La armonía del universo se expresa a través de los números y tiene un valor expresado por la letra griega φ (phi), de nuevo un número irracional, que tiene un valor aproximado de 1.6184. Una cifra que nunca llega a ser exacta, pues sus decimales son infinitos. La serie de Fibonacci, secuencia de números provenientes de sumar los dos números que preceden al que se forma como siguiente, está íntimamente ligada a φ, el número áureo. La serie mencionada comenzaría así: 0, 1, 1, 2, 3, 5, 8, 13, 21, 44, etc. Si dividimos cualquier número de la serie, por el número anterior, dará un resultado muy cercano a φ. Por ejemplo, 8/5 = 1.6. Cuanto más grandes son los números que se dividen, el resultado estará más cercano al número áureo, por ejemplo, 233/144= 1.6180555. Pero dicho cociente nunca llegará a un número exacto, a un fin concreto, porque no lo hay. Se puede concluir que la perfección es infinitamente exacta o, tal vez, que el camino hacia la perfección es eterno.
Por otro lado, cualquier relación creada a partir de los números consecutivos de esta serie, brindarán la proporción áurea que dan forma a la belleza, como en el caso de Zaira. Las funciones de la naturaleza tales como el crecimiento de las plantas, el caparazón de un caracol o el patrón de semillas de un girasol están regidos por las secuencias numéricas de la serie de Fibonacci.
Este es uno de los muchos ejemplos de la divinidad de los números. Dios es matemático, o tal vez, la matemática misma, creador de la naturaleza y del universo, aquel que al ser escudriñado nos revela códigos, relaciones, figuras geométricas y números encriptados. También, aquel que al ser contemplado ilumina a los místicos e inspira a los poetas, quienes se expresan a través de la palabra, madre de las 22 letras del alfabeto. Así, números y letras se evidencian más dependientes que cuando nuestra razón tiende a juzgarlos como antagonistas.

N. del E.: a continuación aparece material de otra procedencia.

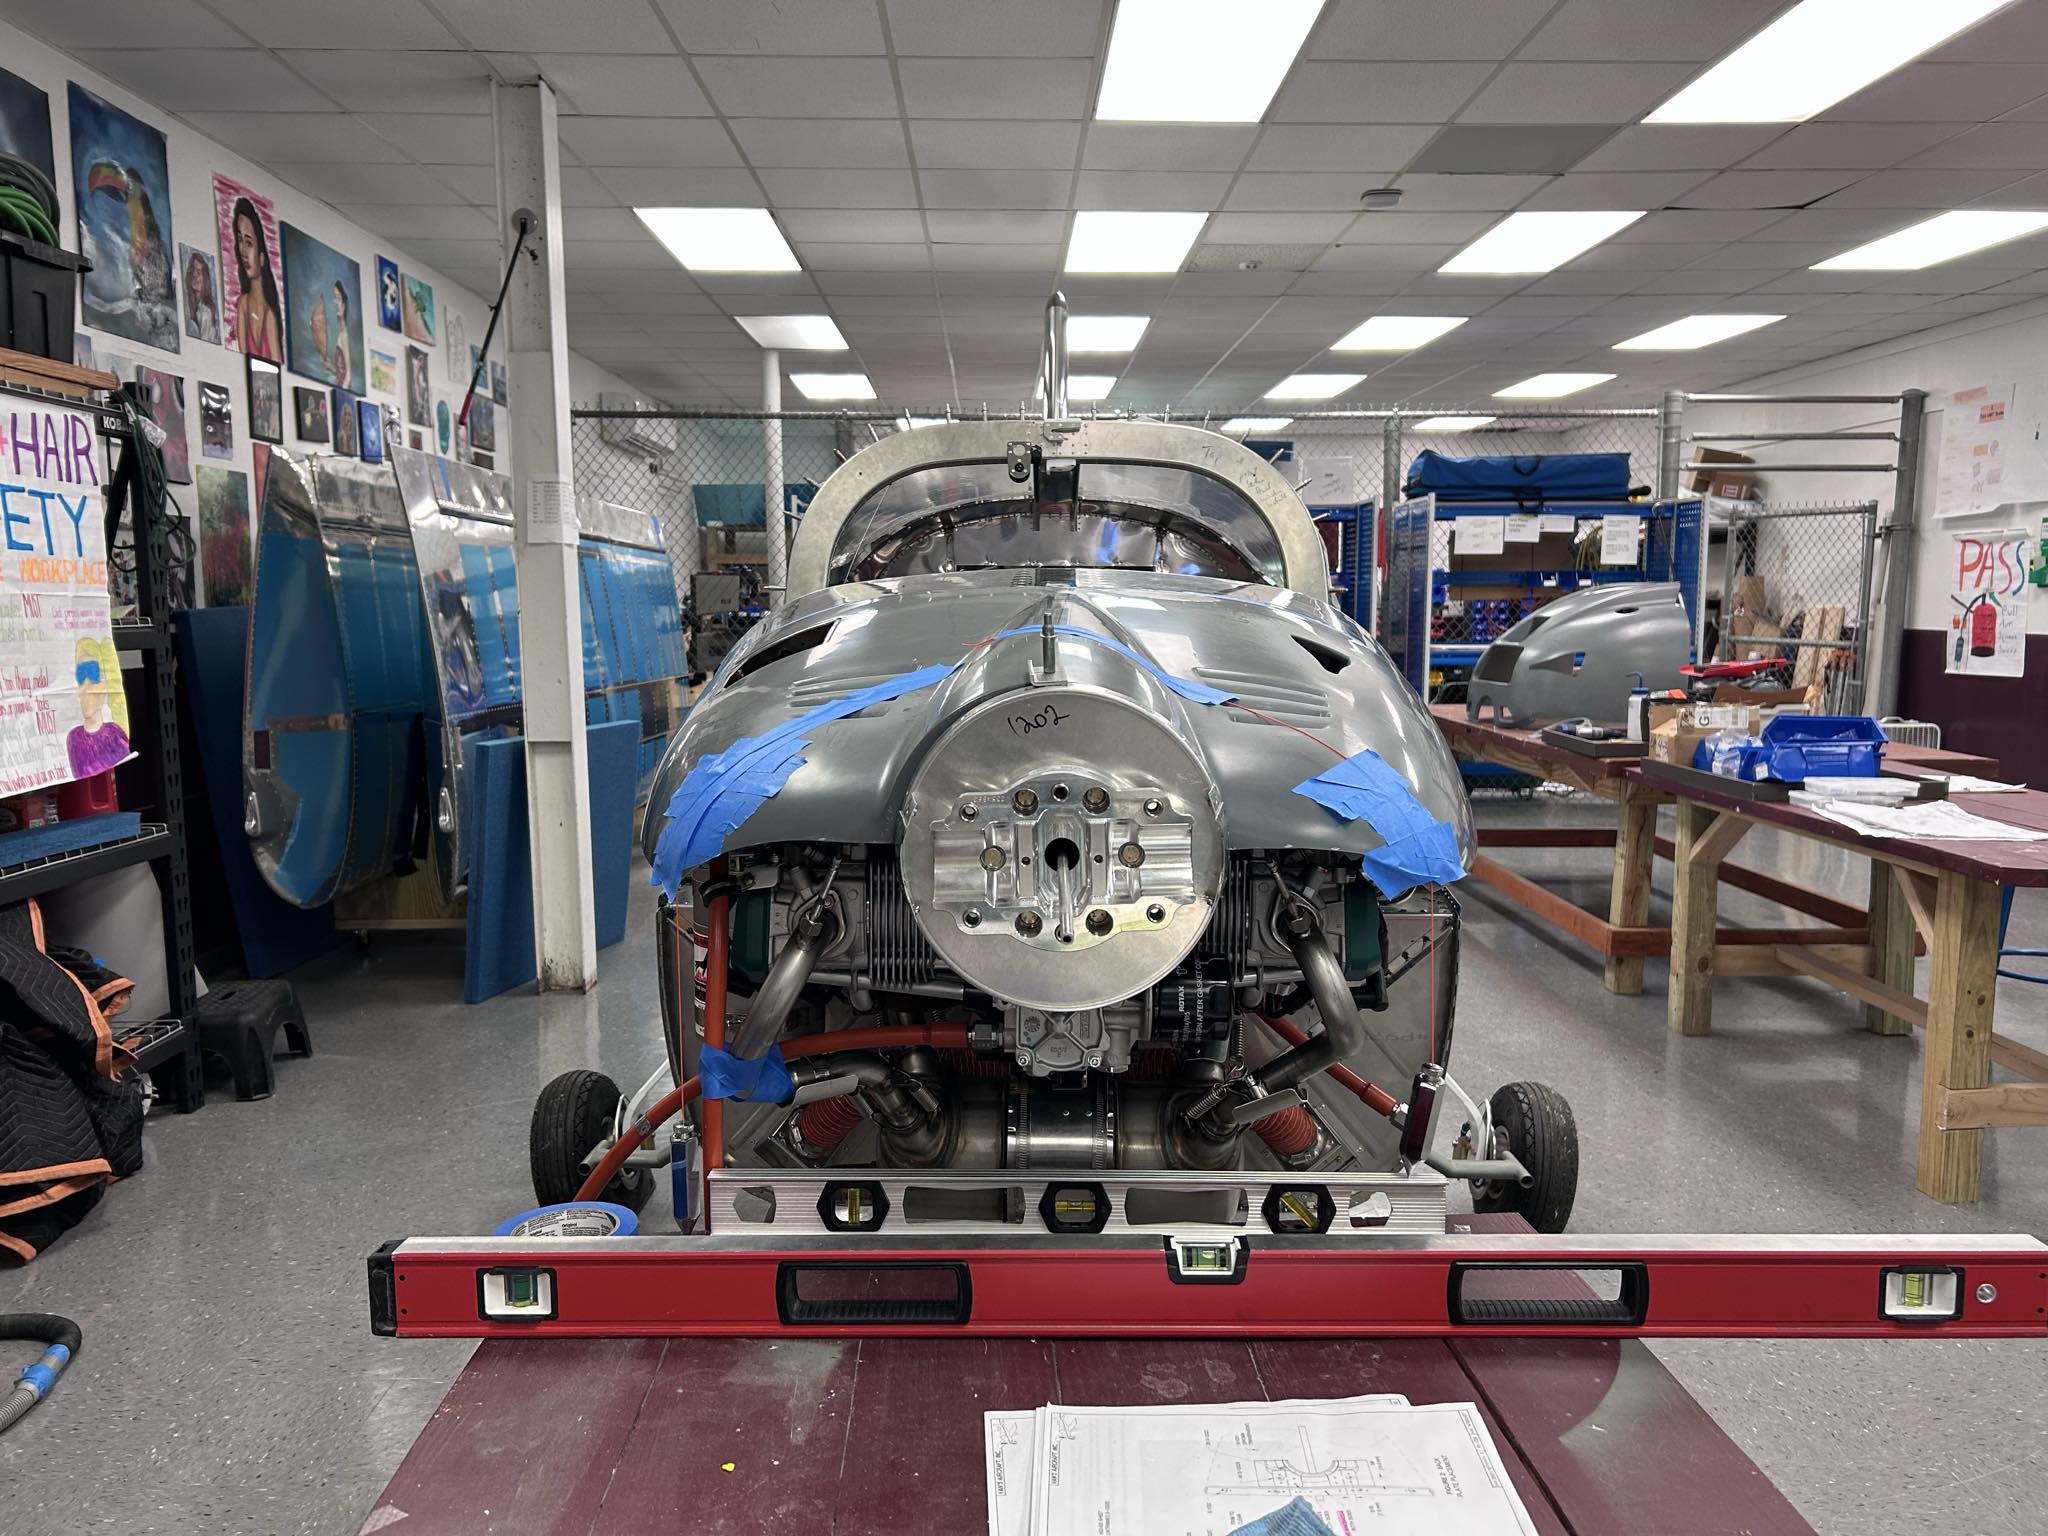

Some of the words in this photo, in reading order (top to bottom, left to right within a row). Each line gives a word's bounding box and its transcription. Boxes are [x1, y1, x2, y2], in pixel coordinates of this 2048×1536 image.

Razón tenía Platón cuando decía que “Dios utiliza siempre procedimientos geométricos”, o Galileo Galilei cuando afirmaba que “las matemáticas son el lenguaje en el que Dios escribió el universo”. Solo nos queda escarbarlas, para seguirnos asombrando de los secretos escondidos. En mi caso, ya jugué algo con ellas (seguramente no lo suficiente), pero por ahora solo se me antojó escribir sobre su misterio.

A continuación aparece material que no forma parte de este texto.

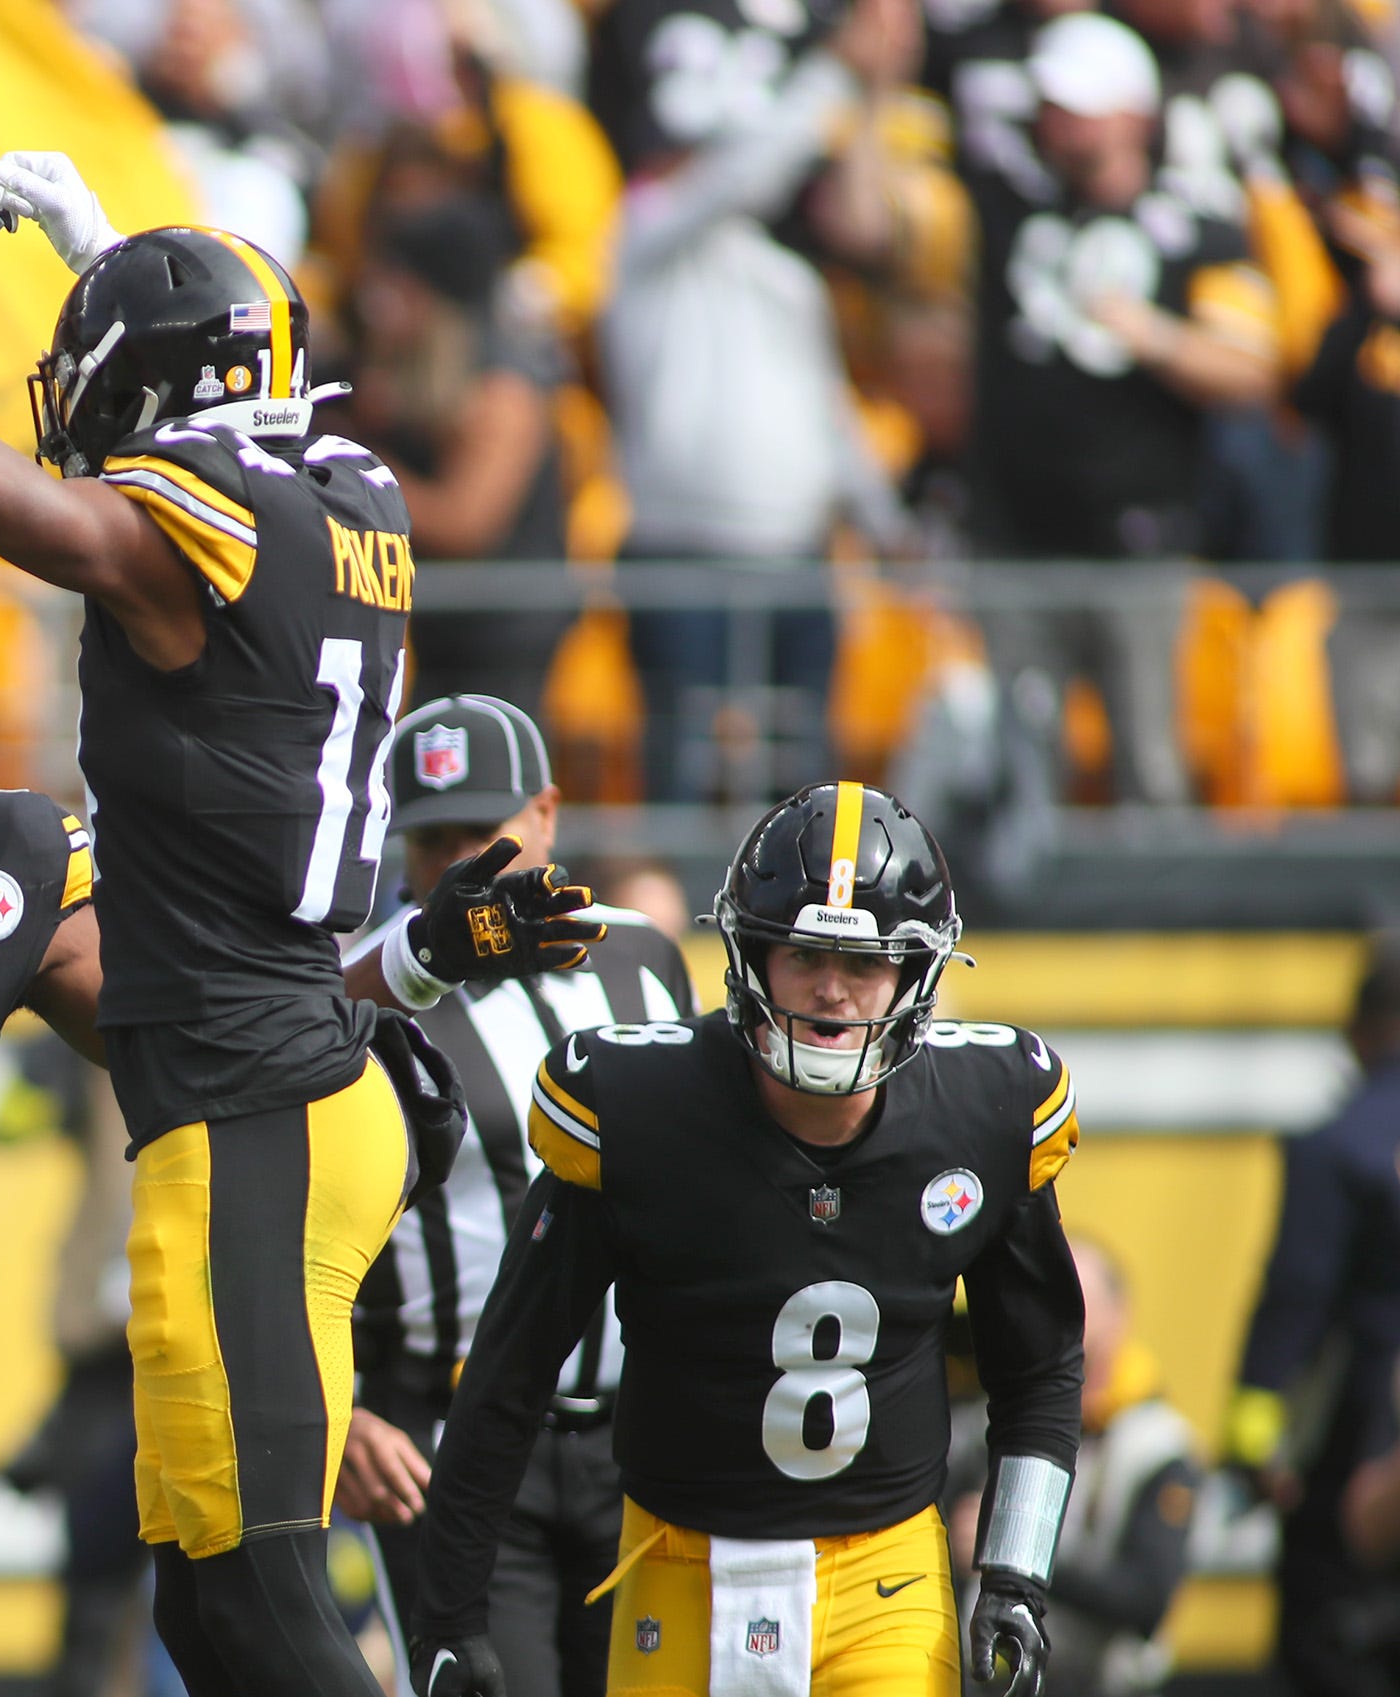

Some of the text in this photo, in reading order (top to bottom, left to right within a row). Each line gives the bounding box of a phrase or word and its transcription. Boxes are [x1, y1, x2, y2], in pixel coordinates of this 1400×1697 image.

[234, 367, 246, 390] 3
[196, 384, 223, 394] CATCH
[253, 407, 299, 427] Steelers
[326, 514, 416, 612] PICKEN
[829, 858, 855, 907] 8
[816, 909, 859, 925] Steelers
[814, 1201, 835, 1217] NFL
[762, 1280, 880, 1480] 8
[750, 1634, 776, 1653] NFL

Esta conexión «divina» que planteas con los número tiene una expresión material concreta y sorprendente en Srinivasa Ramanujan, un prolífico matemático no convencional descubierto en la época del imperio británico en la India de los 1900. Su proceso de producción intelectual, citan sus historiadores, estaba conducido por la intuición. Intuición que alimentaba con largas horas de oración a su diosa Namagiri. Este proceso de «descubrimiento» de las matemáticas, en contraposición a su «desarrollo» a través de un meticuloso paso a paso, fue más que cuestionado y condenado por los matemáticos ortodoxos de la época. Con el tiempo pocas obras de Ramanujan han fallado el escrutinio experto, lo que sorprende sobremanera debido a que para muchos si no todos los matemáticos tradicionales sería imposible proponer planteamientos de tal complejidad y con tal nivel de perfección simplemente por inspiración. Ramanujan es uno de esos casos donde la realidad supera por mucho a la ficción, permitiéndonos entrever que puede haber más de un camino para el conocimiento íntimo del universo.